▶ Data for analysis
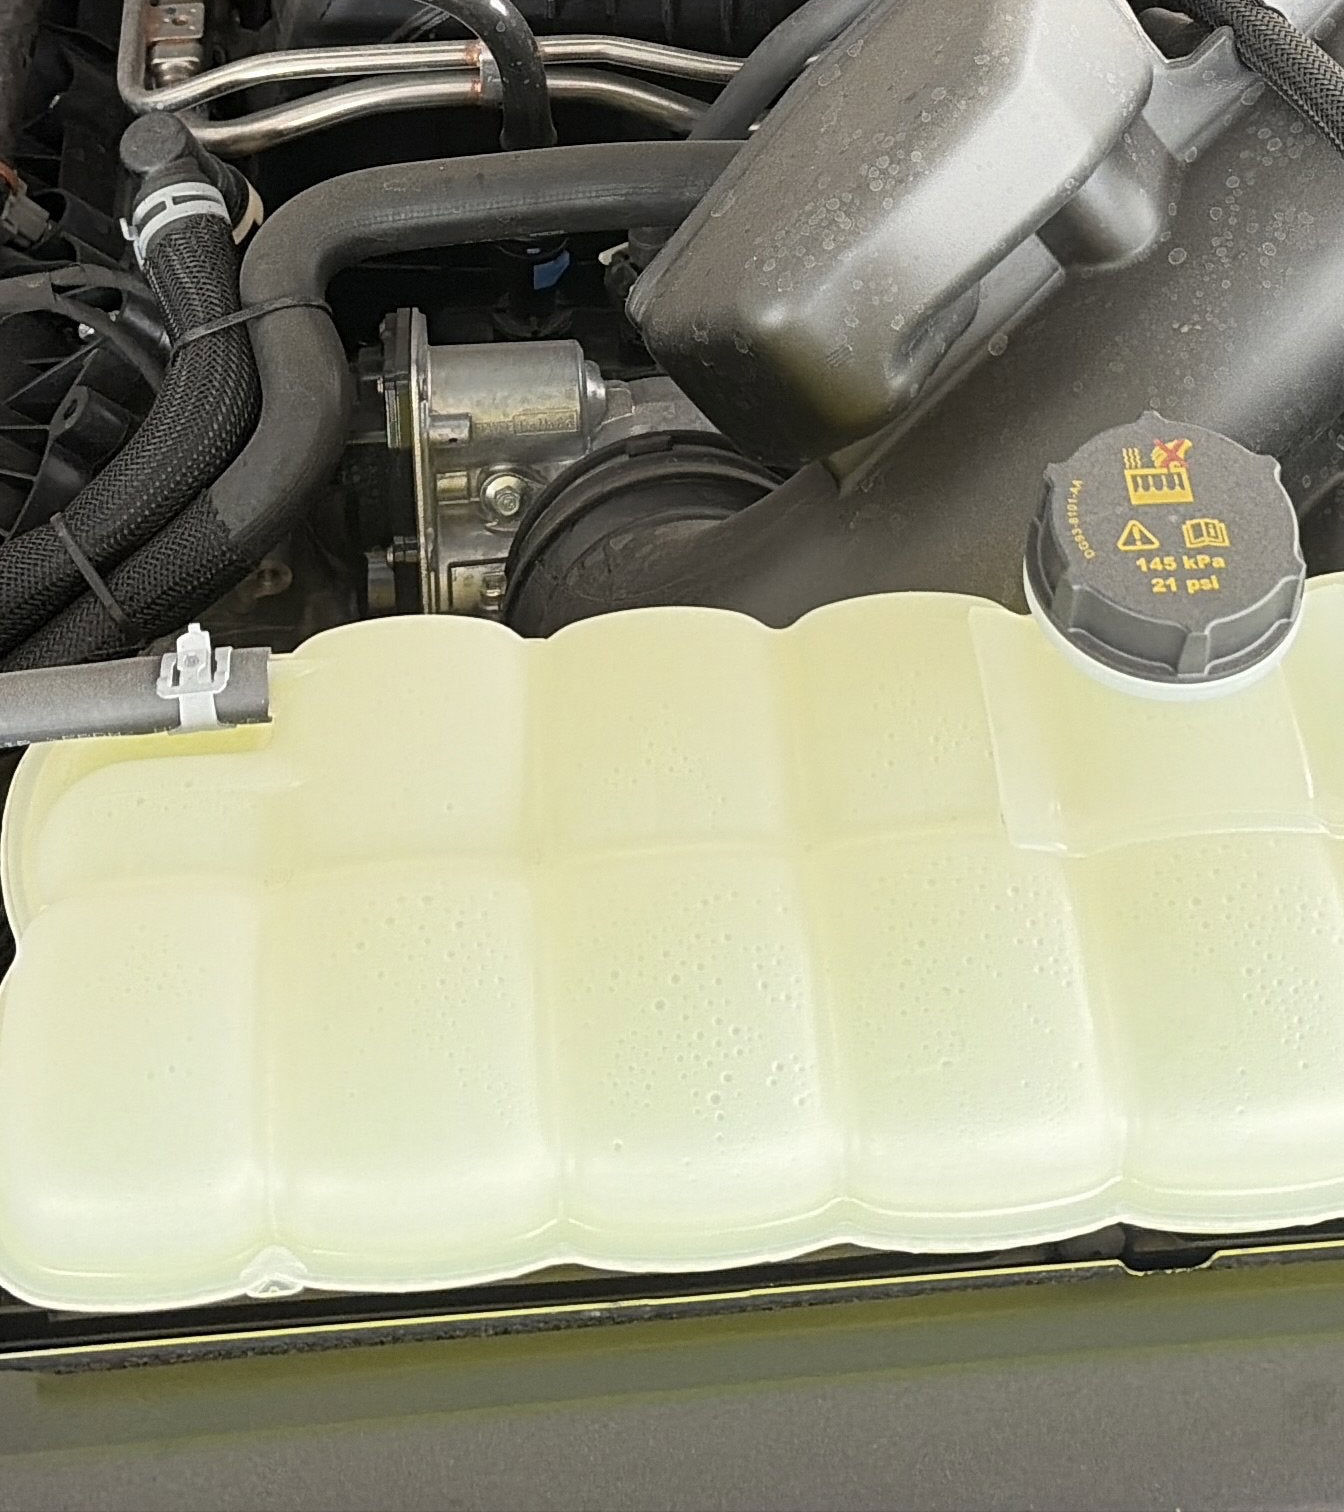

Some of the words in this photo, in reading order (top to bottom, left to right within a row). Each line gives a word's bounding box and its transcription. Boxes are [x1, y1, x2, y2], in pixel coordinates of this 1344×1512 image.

[1136, 555, 1178, 573] 145
[1183, 554, 1227, 571] kPa
[1151, 578, 1178, 594] 21
[1186, 574, 1221, 595] psi
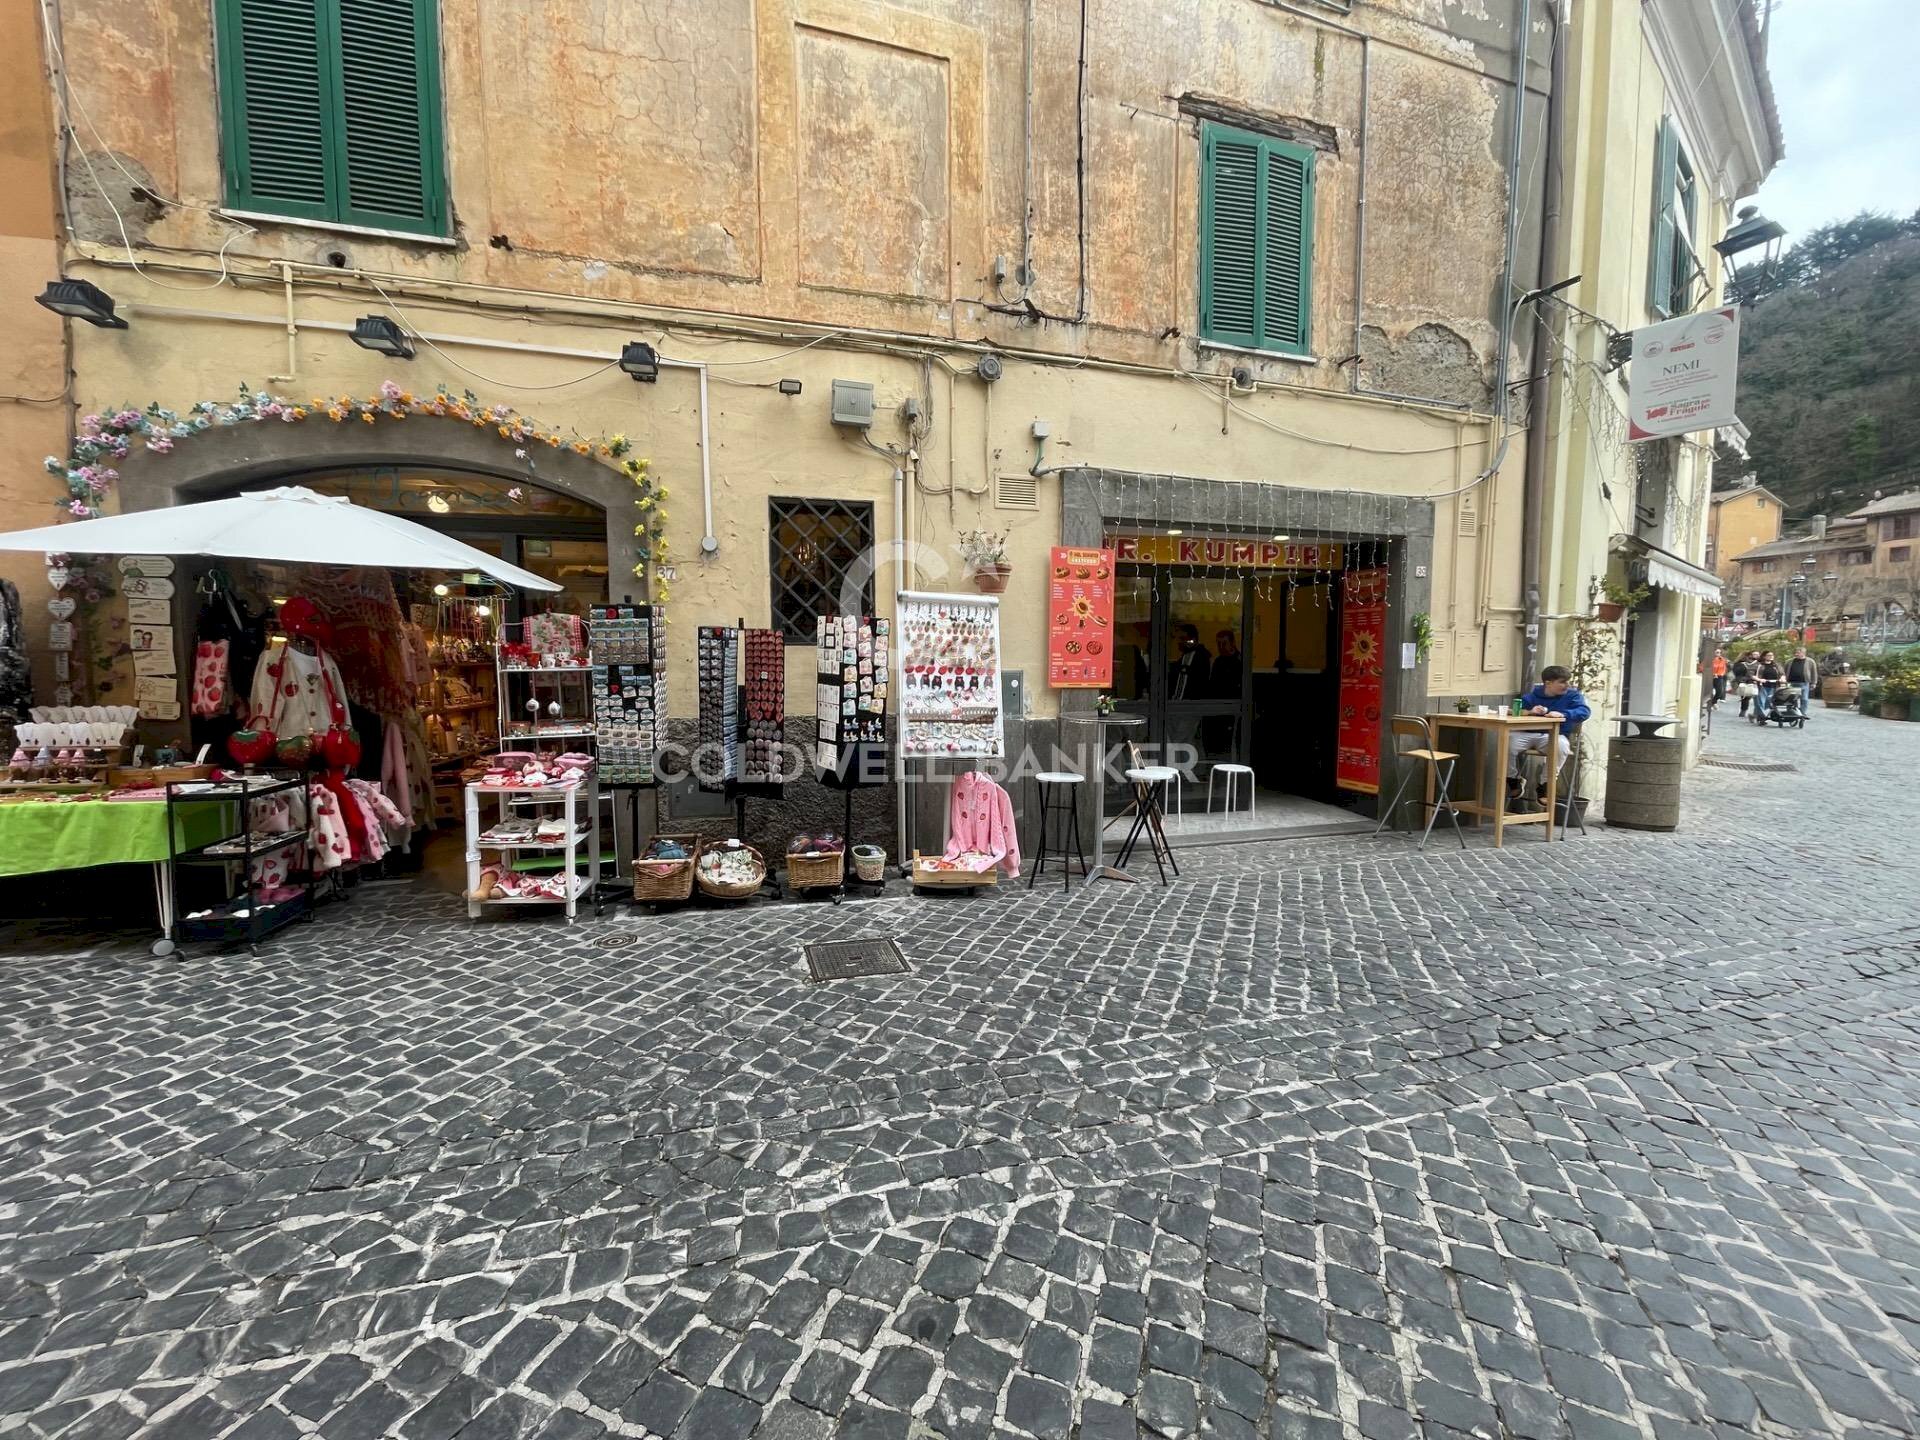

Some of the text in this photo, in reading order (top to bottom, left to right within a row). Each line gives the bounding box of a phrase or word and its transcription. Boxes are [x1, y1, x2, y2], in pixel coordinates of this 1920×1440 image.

[1663, 359, 1701, 376] NEMI
[1103, 537, 1321, 567] R. KUMPIR
[657, 566, 675, 579] 37
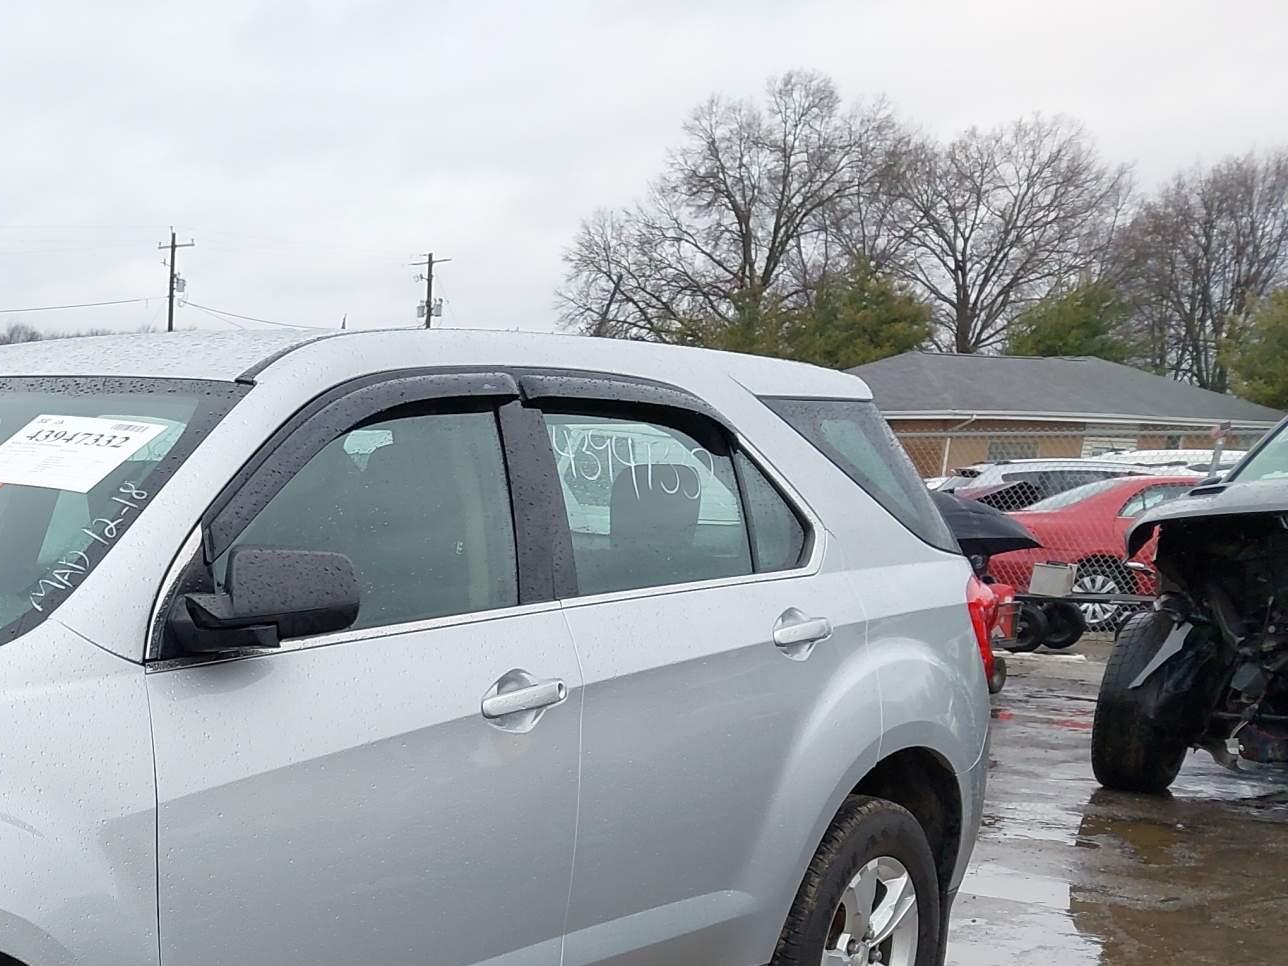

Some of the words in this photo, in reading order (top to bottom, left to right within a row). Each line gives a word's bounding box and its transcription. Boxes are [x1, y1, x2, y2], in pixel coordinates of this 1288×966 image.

[25, 428, 131, 449] 43947332
[30, 550, 89, 612] MAD
[81, 480, 149, 545] 12-18
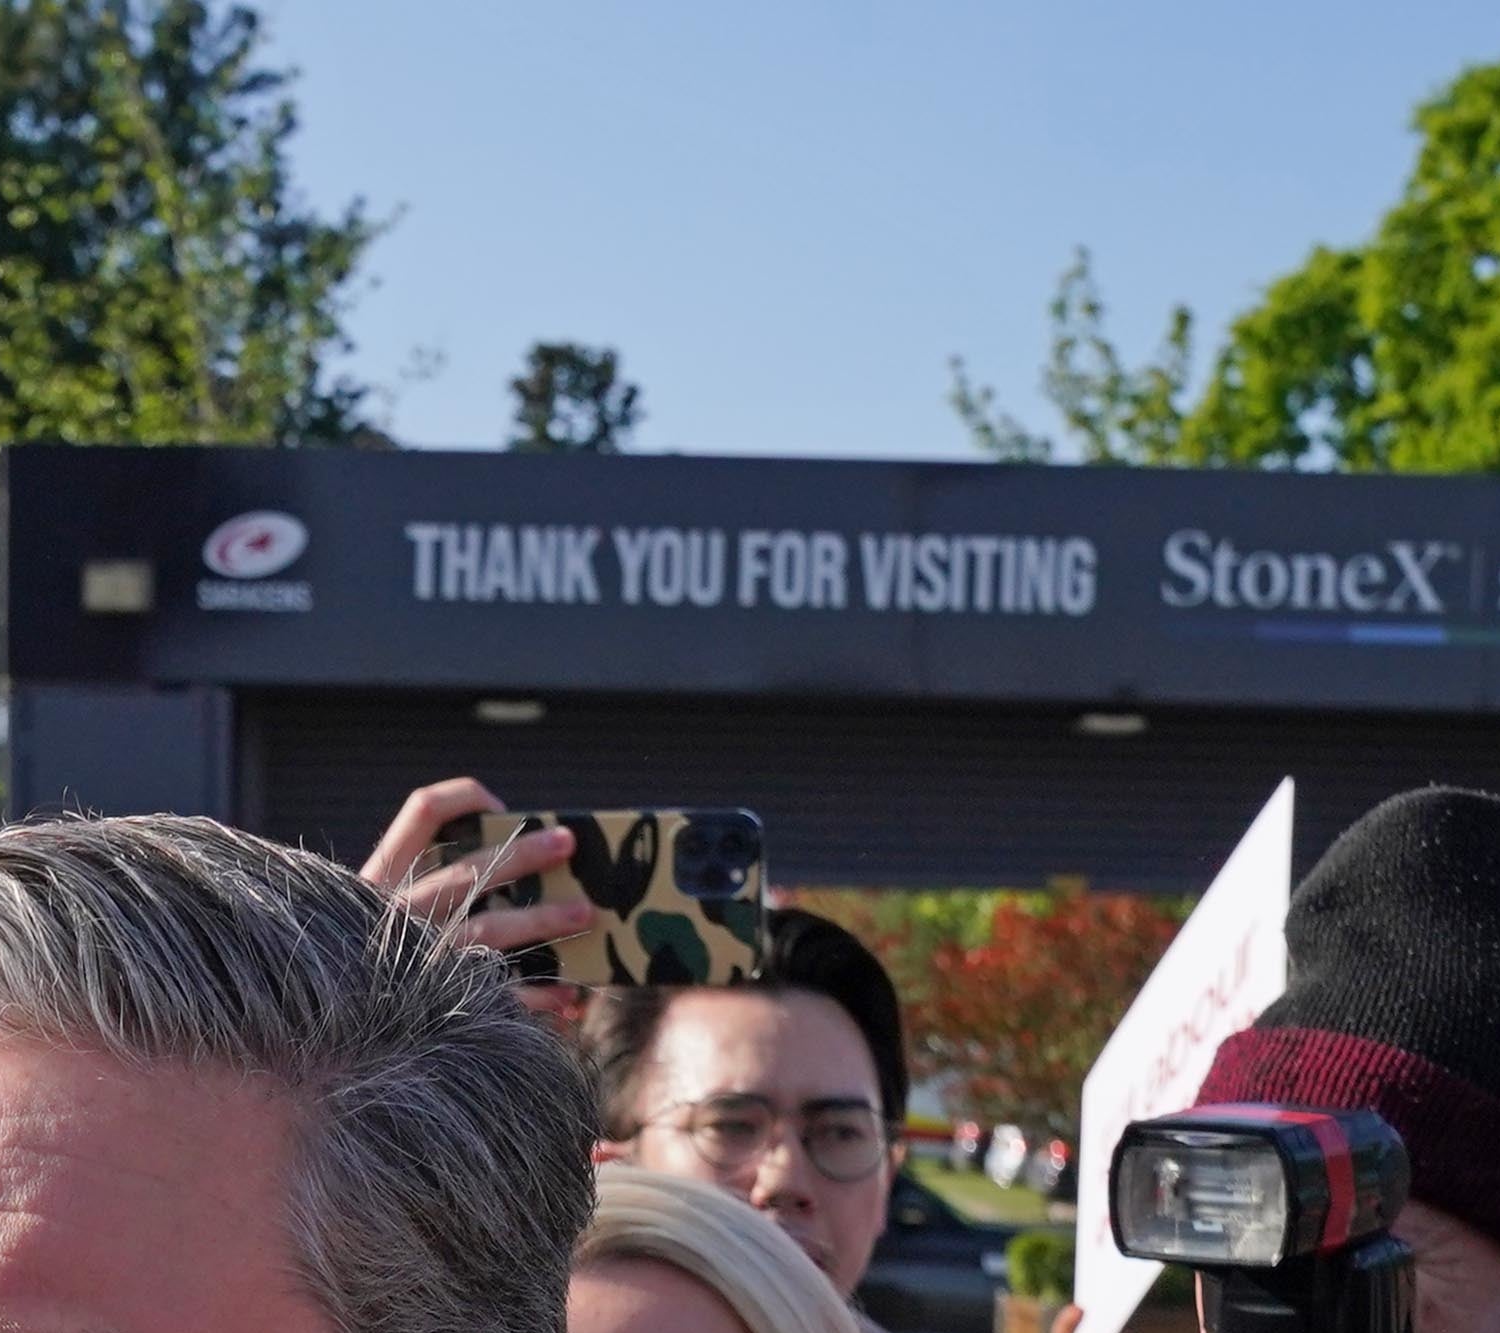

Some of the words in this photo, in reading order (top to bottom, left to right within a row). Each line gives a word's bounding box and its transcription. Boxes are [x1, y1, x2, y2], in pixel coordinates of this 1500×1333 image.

[404, 522, 602, 603] THANK
[612, 526, 726, 607] YOU
[737, 529, 849, 609] FOR
[859, 532, 1097, 616] VISITING
[1160, 528, 1444, 613] StoneX

▶ Instructions to follow
The records above are to be repeated exactly, with the pictures left out.

▶ Finished exercise
Some of the words in this photo, in reading order (top to bottom, left to right within a row). Each line gives a word's bounding box and its transcription. Boxes are [x1, y1, x2, y2], in pixel coordinates of this 1344×1512 image.

[1136, 555, 1178, 573] 145
[1183, 554, 1227, 571] kPa
[1151, 578, 1178, 594] 21
[1186, 574, 1221, 595] psi

Some of the text in this photo, in reading order (top to bottom, left to right within a row). Each line gives the bounding box of a phrase or word and its transcription. Boxes are [x1, y1, x2, y2], in pixel coordinates of this 1920×1440 image.

[1663, 359, 1701, 376] NEMI
[1103, 537, 1321, 567] R. KUMPIR
[657, 566, 675, 579] 37

Some of the words in this photo, in reading order (top to bottom, left to right within a row). Each line gives a word's bounding box and its transcription. Boxes are [x1, y1, x2, y2], in pixel coordinates of this 1288×966 image.

[25, 428, 131, 449] 43947332
[30, 550, 89, 612] MAD
[81, 480, 149, 545] 12-18

Some of the words in this photo, in reading order (top to bottom, left to right within a row). Each line gives a word's bounding box and its transcription. Boxes are [x1, y1, x2, y2], in pixel coordinates of this 1500×1333 image.

[404, 522, 602, 603] THANK
[612, 526, 726, 607] YOU
[737, 529, 849, 609] FOR
[859, 532, 1097, 616] VISITING
[1160, 528, 1444, 613] StoneX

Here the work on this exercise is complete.